Showing posts with label Dior. Show all posts
Showing posts with label Dior. Show all posts

Saturday, June 30, 2012

Dior


At present  haute couture is the most modern way to dress because it's very individual," says Pier Paolo Piccioli, who with Maria Grazia Chiuri designs Valentino's ethereal gowns. "It's like customizing your life; it means uniqueness."

The current state of couture has emerged from the ashes of economic turmoil. "Couture seems more relevant now than it was in the boom years," says designer Donatella Versace, who this season returned Atelier Versace to the official couture runway after eight years of low-key presentations. "The global downturn has made people think about the value of things. Couture may be expensive, but as a reflection of the designer's art, and as an expression of pure creativity in fashion, it is unsurpassed."

This evokes a culture very different from that of traditional haute couture: wealthy socialites in grand dresses from designers such as Jeanne Lanvin and Christian Dior. For many years, that's certainly what it was. Now, they stand in stark contrast to the discreet shopper of today, it's difficult to find women who so openly display their membership to the couture club.

Couture seemed to hit rock bottom in the middle of the last decade, when Christian Lacroix, Yves Saint Laurent, Emanuel Ungaro, and Balmain all showed their last collections. For the labels that remained, couture became a way to stand out amid the clutter of hundreds of ready-to-wear lines. For the likes of Dior, Valentino, and Chanel—which all typically reserved a sky's-the-limit budget both for dramatic staging and the collections themselves.

As haute couture undergoes the process of revival once more, its insular and quintessentially Parisian nature is changing. Perhaps it's only fitting for what appears to be couture's ever more global future.
reference: WSJ

Monday, June 4, 2012

Zippers are more than a detail. Their story begins during the past century and up to today, becoming a decoration and a sartorial detail.


Zippers are more than an embellishment. Their tale begins throughout the past century and up to the present becoming an ornament and a sartorial element to clothing.

Zip fasteners come out the first time in 1851 on jeans, but by the end of the century, there is the concern for a patent “separable fastener”. Only during 1913 was the zipper fashioned and used primarily for galoshes. It frequently rusted and got stuck. For a relative amount of time, before being used by immensely popular couturiers like Elsa Schiaparelli, zippers didn’t have an easy life. They were considered maladroit and too industrial.

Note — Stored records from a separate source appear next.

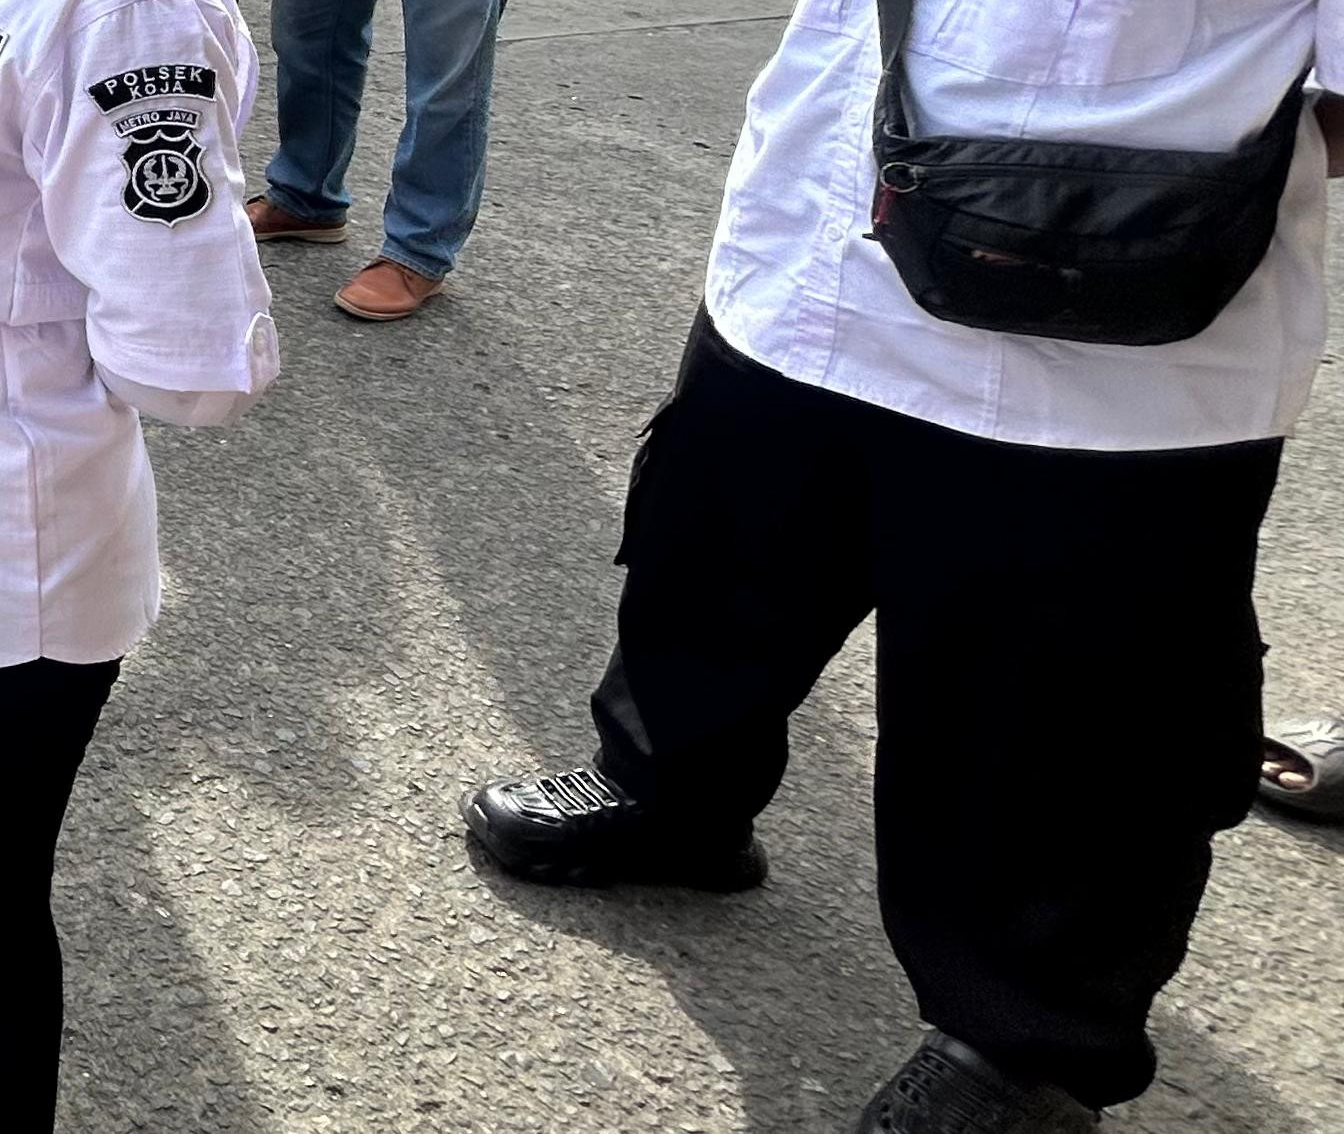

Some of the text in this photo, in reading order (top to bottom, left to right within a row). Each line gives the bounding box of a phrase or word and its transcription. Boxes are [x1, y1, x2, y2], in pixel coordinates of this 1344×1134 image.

[104, 66, 204, 95] POLSEK
[129, 80, 186, 100] KOJA
[119, 111, 195, 132] METRO JAYA
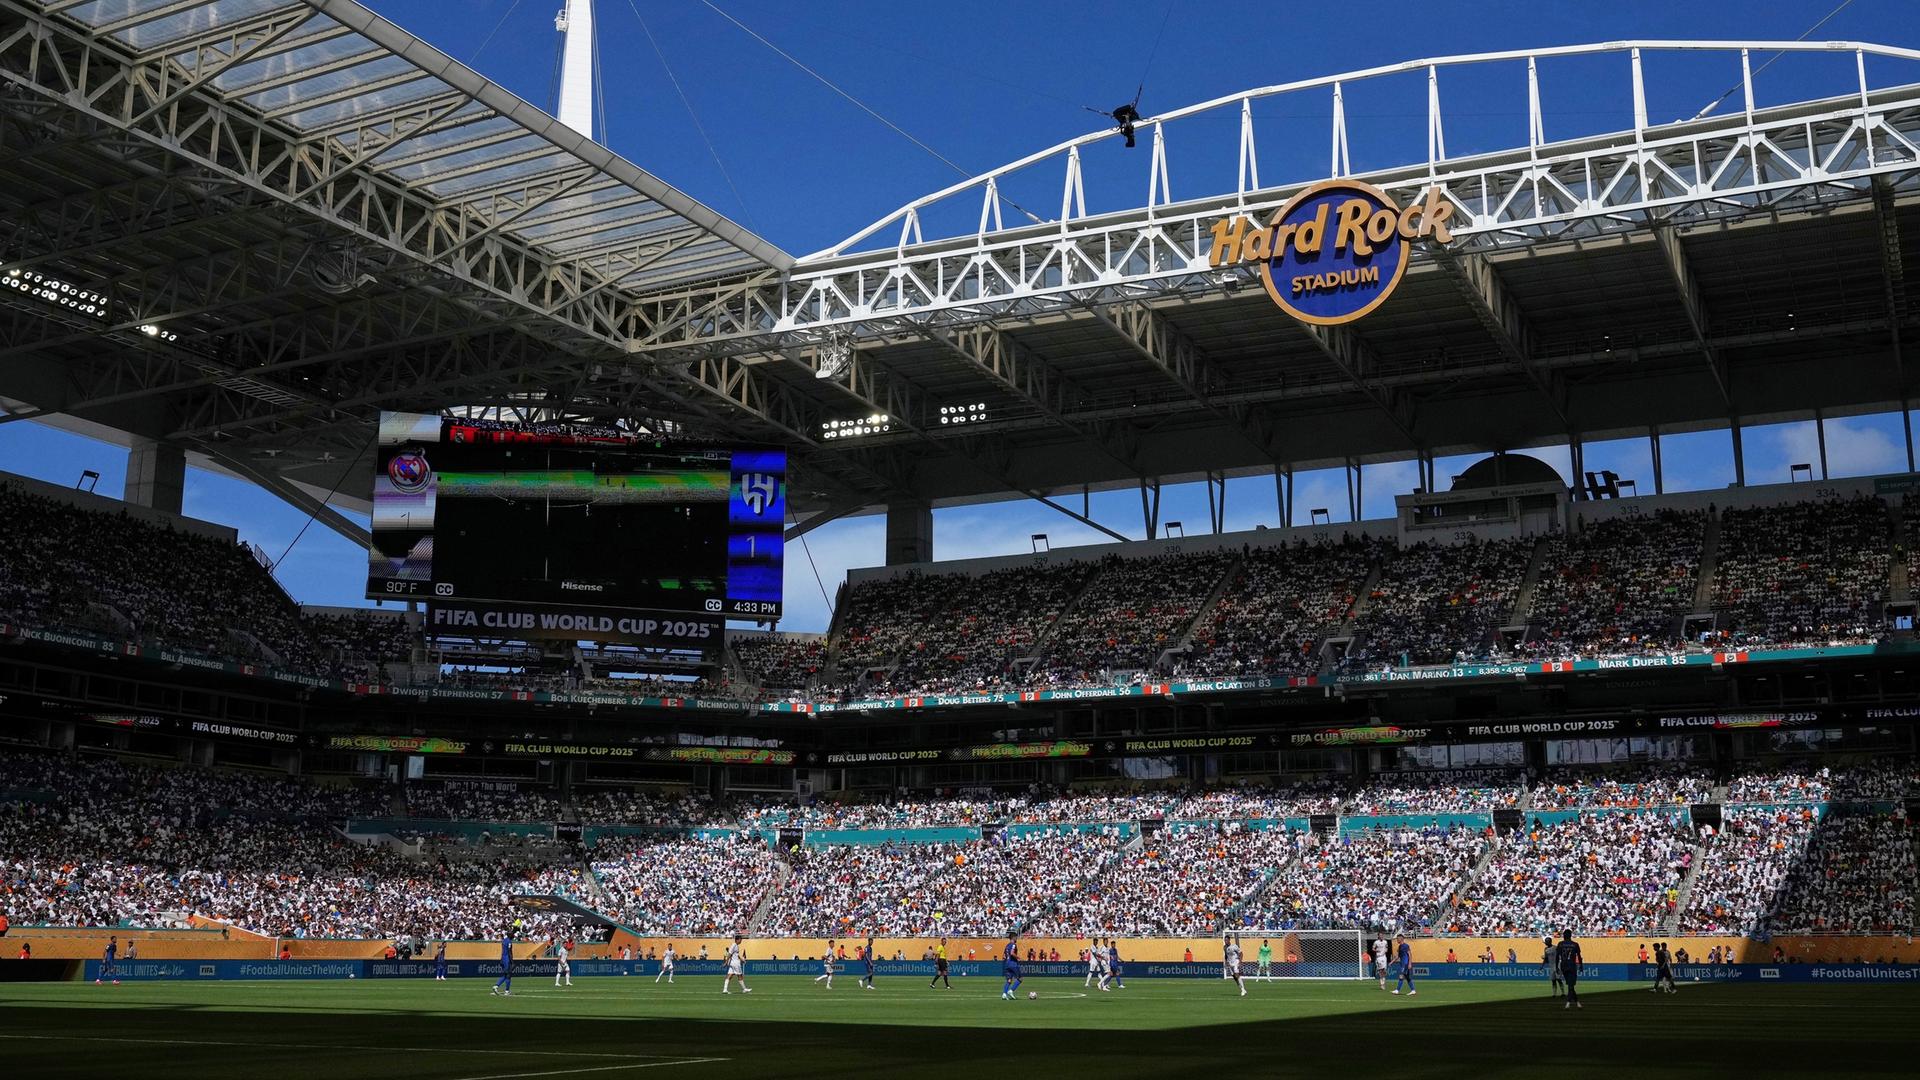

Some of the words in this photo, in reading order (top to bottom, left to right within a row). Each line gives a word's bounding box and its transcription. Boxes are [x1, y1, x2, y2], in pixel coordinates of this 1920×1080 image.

[1209, 203, 1330, 267] Hard
[1334, 186, 1455, 256] Rock
[1292, 266, 1379, 292] STADIUM
[1815, 489, 1835, 498] 334
[1620, 506, 1640, 515] 333
[1313, 532, 1329, 541] 331
[1454, 532, 1473, 541] 332
[746, 535, 757, 559] 1
[410, 582, 417, 594] F
[437, 584, 454, 595] CC
[560, 581, 603, 592] Hisense
[705, 600, 722, 612] CC
[734, 601, 757, 613] 4:33
[760, 602, 776, 614] PM
[434, 609, 478, 626] FIFA
[483, 611, 535, 630] CLUB
[540, 613, 613, 633] WORLD
[617, 617, 657, 635] CUP
[102, 641, 114, 651] 85
[161, 651, 176, 663] BILL
[1598, 659, 1629, 669] MARK
[1632, 657, 1667, 668] DUPER
[1671, 656, 1686, 665] 85
[1390, 671, 1409, 681] DAN
[1412, 670, 1450, 680] MARINO
[1452, 668, 1464, 677] 13
[319, 678, 329, 688] 66
[1187, 682, 1213, 692] MARK
[1215, 680, 1256, 691] CLAYTON
[1258, 679, 1271, 688] 83
[392, 686, 429, 697] DWIGHT
[432, 688, 488, 699] STEPHENSON
[490, 691, 503, 699] 57
[1050, 690, 1072, 699] JOHN
[1074, 689, 1117, 699] OFFERDAHL
[1119, 687, 1131, 696] 56
[551, 694, 569, 703] BOB
[631, 697, 644, 705] 67
[697, 700, 739, 710] RICHMOND
[768, 703, 779, 711] 78
[938, 696, 960, 706] DOUG
[962, 696, 991, 705] BETTERS
[993, 694, 1004, 703] 75
[819, 704, 834, 712] BOB
[884, 700, 896, 708] 73
[1866, 708, 1893, 718] FIFA
[1660, 717, 1685, 727] FIFA
[1687, 716, 1716, 726] CLUB
[1717, 714, 1761, 724] WORLD
[1762, 713, 1785, 722] CUP
[192, 721, 209, 732] FIFA
[210, 724, 230, 735] CLUB
[232, 727, 259, 738] WORLD
[260, 730, 275, 741] CUP
[1469, 726, 1491, 735] FIFA
[1493, 724, 1520, 734] CLUB
[1522, 722, 1562, 732] WORLD
[1563, 721, 1585, 731] CUP
[1291, 734, 1312, 743] FIFA
[1314, 732, 1339, 742] CLUB
[1341, 730, 1378, 741] WORLD
[1380, 730, 1399, 739] CUP
[505, 744, 525, 753] FIFA
[527, 744, 551, 754] CLUB
[553, 745, 587, 755] WORLD
[589, 747, 608, 755] CUP
[1126, 741, 1146, 750] FIFA
[1147, 740, 1170, 749] CLUB
[1172, 738, 1206, 748] WORLD
[1208, 737, 1227, 747] CUP
[828, 754, 845, 763] FIFA
[846, 753, 867, 762] CLUB
[869, 752, 898, 761] WORLD
[899, 752, 916, 760] CUP
[134, 965, 158, 976] UNITES
[240, 964, 353, 975] #FootballUnitesTheWorld
[373, 965, 398, 975] FOOTBALL
[1047, 965, 1068, 974] UNITES
[1684, 967, 1711, 977] UNITES

Within 1934 Tadao Yoshida, instituted the Yoshida Kogyo Kabushikikaisha, or, YKK, engraveing them on zippers for years that have been used all around the world. It’s the brand of the bulk of zippers that are around us, from clothing to leather goods, from footwear to furniture. And since 1936, thanks to YKK’s mass production, zippers are part of our lives forever.

It’s not possible to survive without them and, above all, to think of a life devoid of that heartening up and down. There is technology but also sensuality into that swift hand motion we do whilst opening a zipper an onomatopoeic sound. From aged sleeping bags to the high-tech warfare-proof suits, from the pencil case we used to have in school, to suitcases, or boots.

the Rolling Stones put a zip that works on the cover of their album Sticky Fingers created by Andy Warhol.
Sticky Fingers Album Art 
via:29-25.com 

And then there are those unforgettable illustrations – or in other words,icons: James Bond’s wet suit, Marlon Brando’s motor bike jacket, Gilda’s “scandalous” dress, the chic jumpsuit worn by Roger Federer at Wimbledon in 2009. But also the clever introductions in the clothing designed by Fashion Houses like Dior, Givenchy, and Versace. In 1973, Esquire identifies the zipper as “A brilliant tailoring design that has among its numerous advantages the one of avoiding the possibility of the unintentional and embarrassing disarray in menswear”.

In that year an ad for children’s clothing with zippers was published: in this way they can dress by themselves. It was in 1971 when another small record was broken: the Rolling Stones placed a zipper that works on the cover of their Sticky Fingers album created by Andy Warhol.